Even though classes at The University of Texas were canceled March 13, Pizza Press owner Lisa Hilo says she hasn’t seen any change in business.

“As far as the normal ebbs and flows of business here, being in West campus we have it down to a science now, but this mixes things up,” Hilo said. “The Drag is just weird anyway. It's a fickle place."

Hilo’s restaurant is located along Guadalupe Street in Central Austin, known as The Drag, a line of businesses and shops that changes every few months due to high-rent and a lack of steady streams of customers throughout the year. But coronavirus, and its rapidly spreading respiratory disease COVID-19, has brought new challenges to the already volatile business environment.

“One of the scary parts, is that we don't know exactly what it looks like,” Hilo said. “In our customers and with our staff, it seems like it should be this really real almost life-changing event. In a way it is, but in a way like you kind of just carry on as normal.”

Many of the businesses close completely over winter break, when students leave for the holidays, or they reduce their hours in the summer or spring break when much of the campus is gone. Hilo said she plans for these off-periods by reducing output, but that typically she doesn’t have to reduce the number of hours her employees work because many of them, like other students, leave campus during spring break.
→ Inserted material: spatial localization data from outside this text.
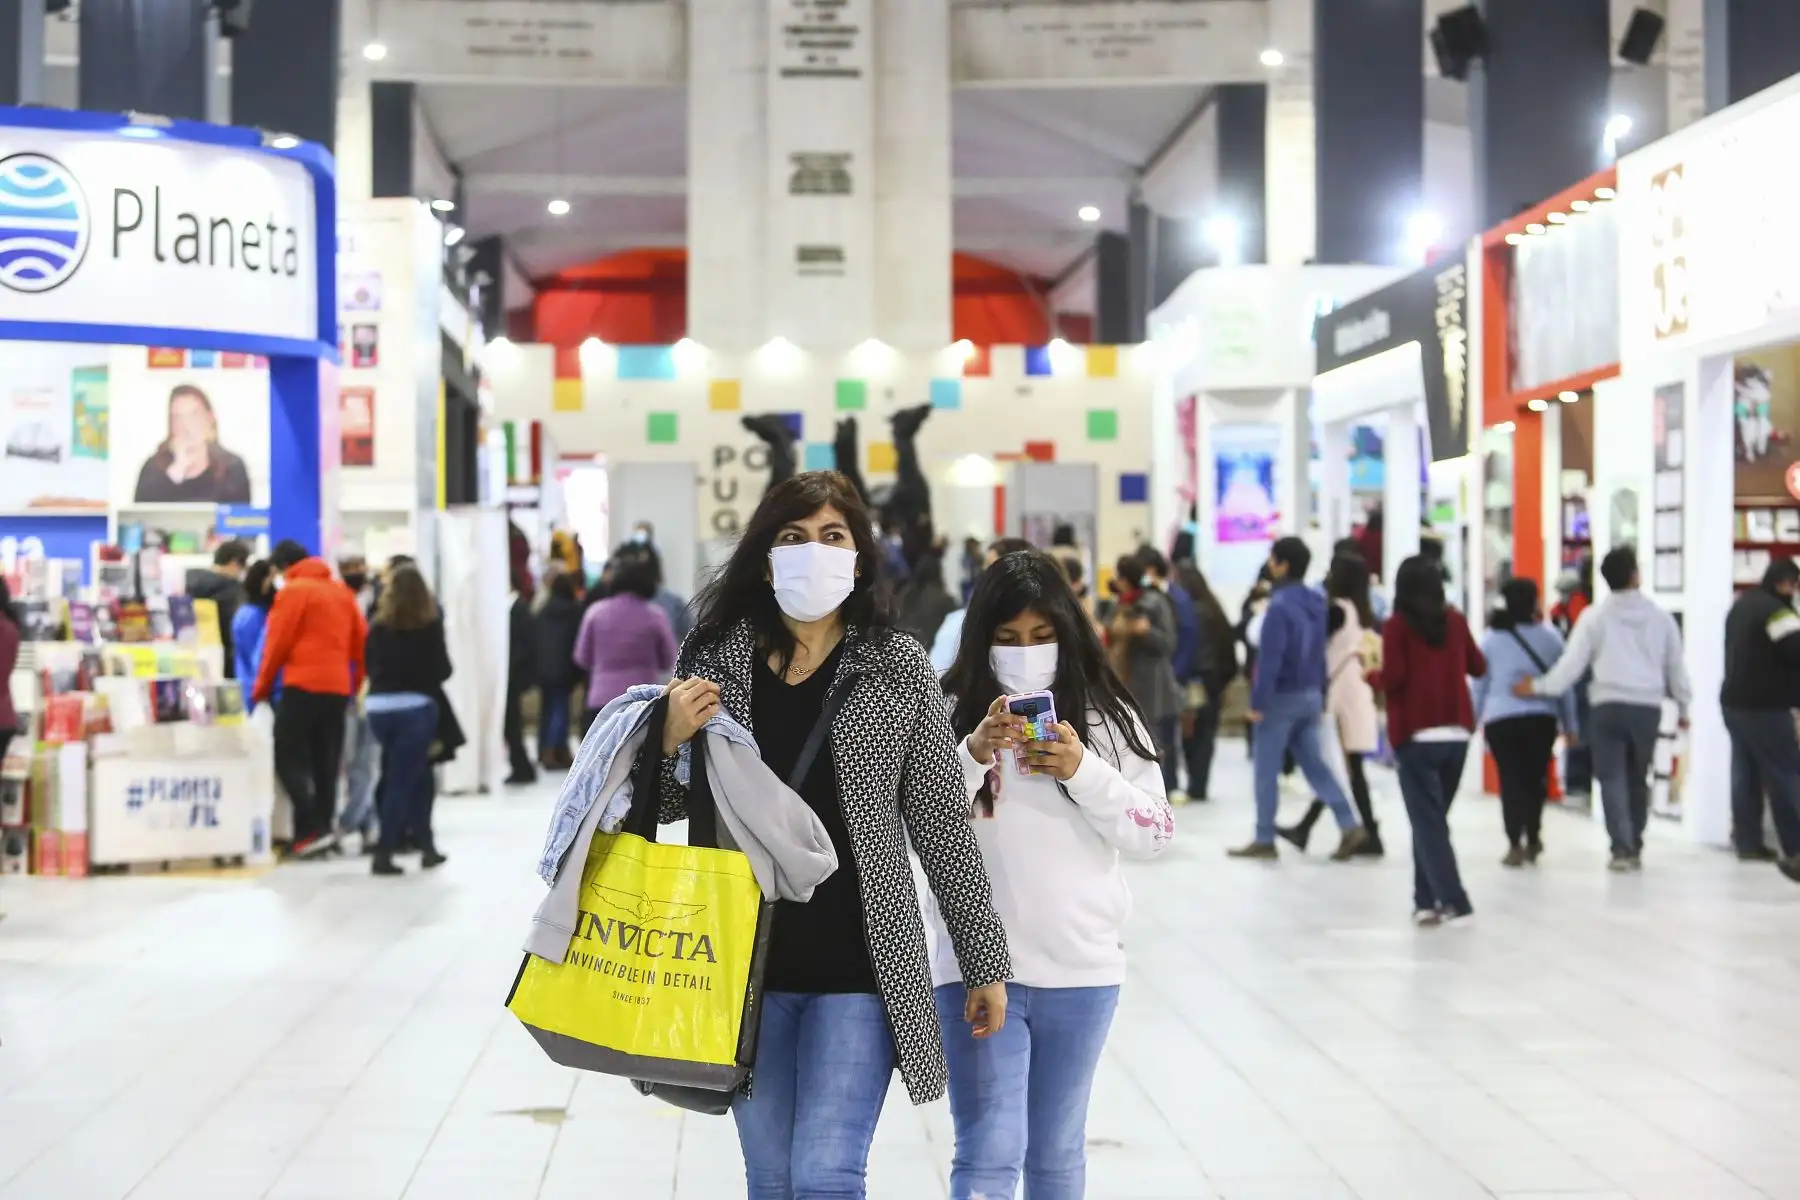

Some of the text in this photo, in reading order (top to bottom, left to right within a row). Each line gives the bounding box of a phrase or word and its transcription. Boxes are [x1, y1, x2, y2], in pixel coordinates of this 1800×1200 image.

[113, 185, 297, 277] Planeta
[573, 909, 717, 963] INVICTA
[563, 948, 712, 991] INVINCIBLE IN DETAIL
[612, 990, 651, 1006] SINCE 1837
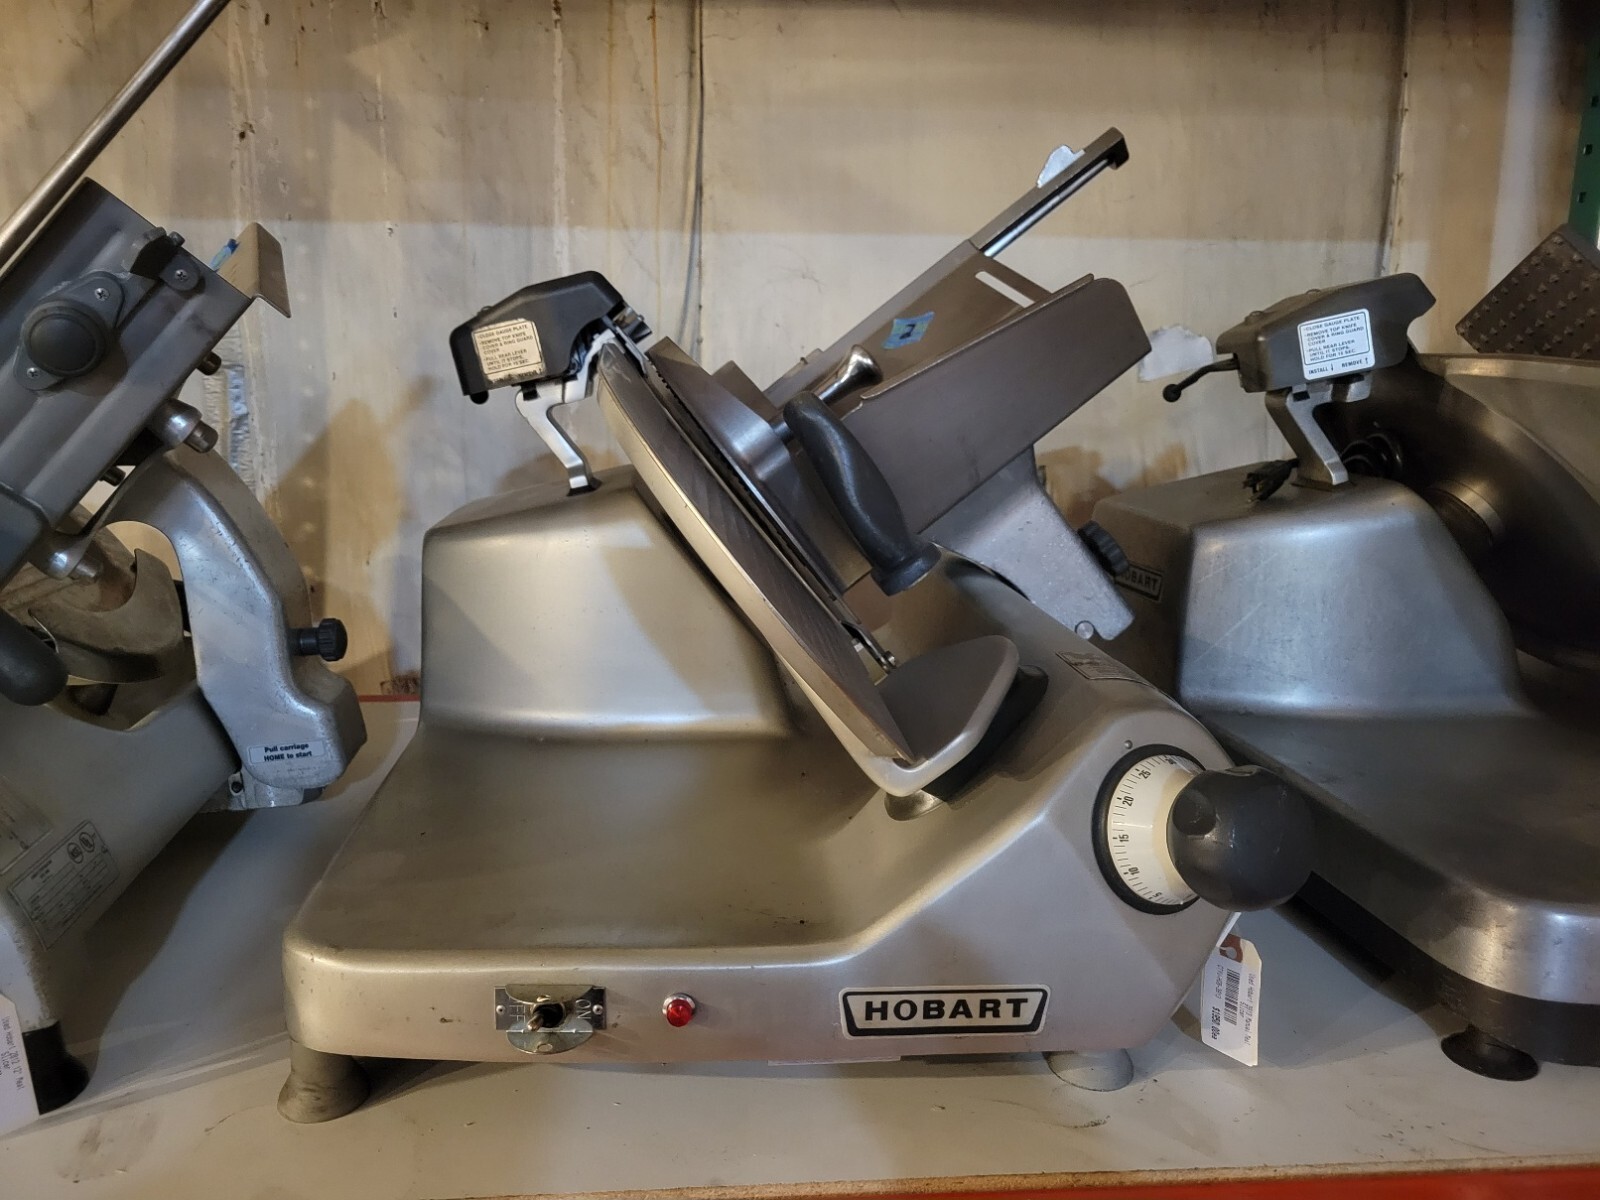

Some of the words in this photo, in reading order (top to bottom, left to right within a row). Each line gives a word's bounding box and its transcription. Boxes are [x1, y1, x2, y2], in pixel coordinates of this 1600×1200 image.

[1307, 329, 1328, 337] REMOVE
[1346, 326, 1364, 334] GUARD
[1309, 366, 1329, 375] INSTALL
[1342, 359, 1362, 368] REMOVE
[264, 745, 278, 753] Pull
[280, 743, 309, 752] carriage
[264, 753, 285, 762] HOME
[1139, 770, 1151, 779] 25
[1122, 796, 1134, 806] 20
[1119, 834, 1129, 842] 15
[1128, 866, 1140, 875] 10
[575, 999, 592, 1019] ON
[864, 997, 1029, 1021] HOBART
Eric Stefano, the manager of the Mediterranean restaurant Cava, said he does the same. However, he said the extended spring break could really hurt business, and the potential for a switch to online classes makes him worry that Cava will be stripped of its “lifeline”—students.
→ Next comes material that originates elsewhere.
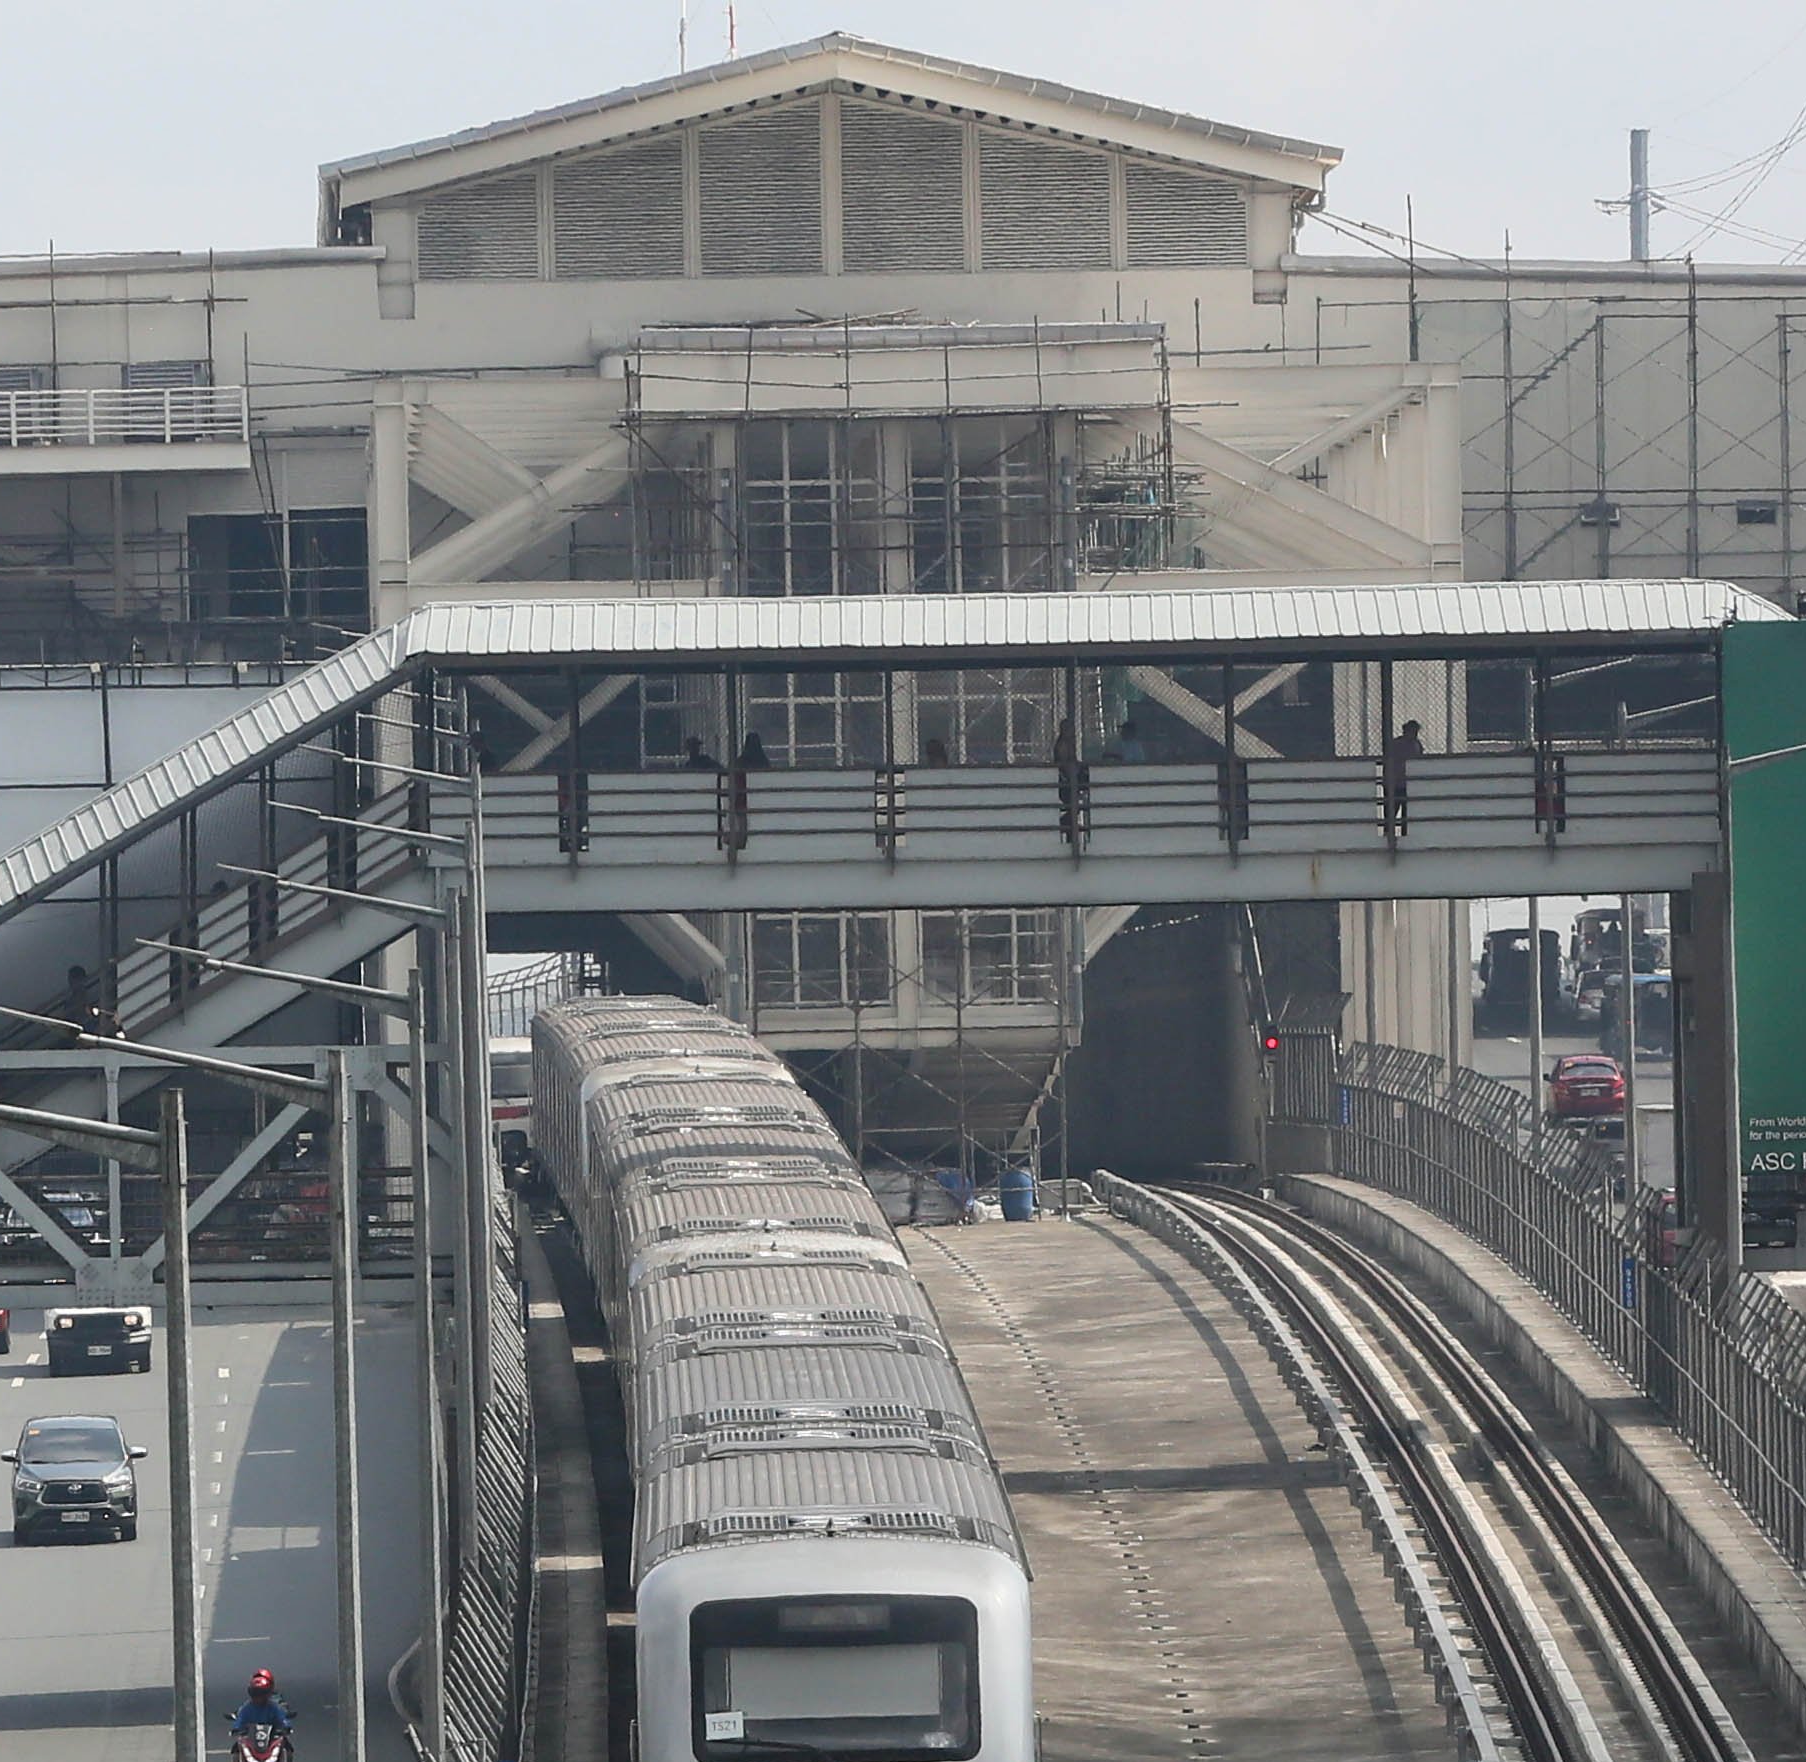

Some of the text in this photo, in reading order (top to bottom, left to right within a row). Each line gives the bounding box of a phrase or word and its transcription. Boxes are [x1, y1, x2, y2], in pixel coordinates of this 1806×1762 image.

[1749, 1118, 1776, 1127] From
[1749, 1131, 1763, 1141] for
[1765, 1130, 1781, 1140] the
[1751, 1151, 1796, 1171] ASC
“It all just kind of hit today,” Stefano said. “It'll be interesting to see what happens the next couple weeks.”

But with UT’s extended spring break announced March 11, some restaurants said there was no way to prepare for the potential absence of students for an extra week.

The Turkish restaurant MezzeMe already had to lay off one of its employees in preparation for potentially reduced sales in the coming weeks, assistant manager Dario Castillo said. MezzeMe opened on The Drag in October across the street from the three buildings that house the majority of communication classes at UT.


“Everybody who comes in is a student,” said Castillo, adding that the restaurant had only seen 13 customers during the first three hours after opening at 11 a.m. “If nobody’s going to school, then we have no customers. That [is] going to hit us here pretty hard. We might need to start shutting down earlier.”

Not all businesses have seen a decline in customers. The owner of Jenn’s Copies, Dobbins Hillhouse, said most of his sales happen at the start of each semester, so this part of the year is already his slow season.

“In January, it would’ve been really bad,” Hillhouse said. “It'll impact us some, but not as bad as others I'm sure.”

Like Pizza Press, Austin-based Kerbey Lane was packed Friday afternoon, even former presidential candidate Beto O’Rourke was there to eat. Shift leader Luke Bender said business had been steady all day, but that he couldn’t be sure how things would change in the coming days.


As an added precaution, Bender and Hilo both said they increased the sanitization regimens in their restaurants. Bender said he spent Friday morning cleaning frequently used surfaces, including menus, with a wash of hydrogen peroxide before their usual cleaning with sanitizer, even though it could potentially damage the menus.

“We just have to switch. We have to use the peroxide because that's the only way to make sure that these things are going to be clean,” Bender said.

Bender added that Kerbey Lane has expanded access to paid vacation time to all employees to help ensure no one comes in to work sick just because they need the money to pay bills.

Hilo said she upped the concentration of the sanitizer her restaurant uses, saying that she would rather risk damage to her tables than spread the coronavirus should someone come in who has been exposed.


“You don't make it too high or else it could be so strong that it could ruin the tables, but ... that's what we have to do,” Hilo said.

At Pizza Press, Hilo said she has been asking almost every customer who has come in recently about their plans for the break or if the school switches to online classes. More than half said they planned to stay in Austin, citing worries about going home and spreading the virus to family or contracting it while traveling and bringing it back here, Hilo said.

For now, Hilo said she remains unworried about a potential slash to her business.

“[Coronavirus] is keeping people local. It's keeping people just kind of a little bit more tight-knit in their own communities rather than traveling,” Hilo said. “I feel like that’s so Texan. It's not even really about you. It's not about the individual. It's more about passing it on. As college students, we kind of realize that the risk is everywhere, but the risk is really us passing it to other people.”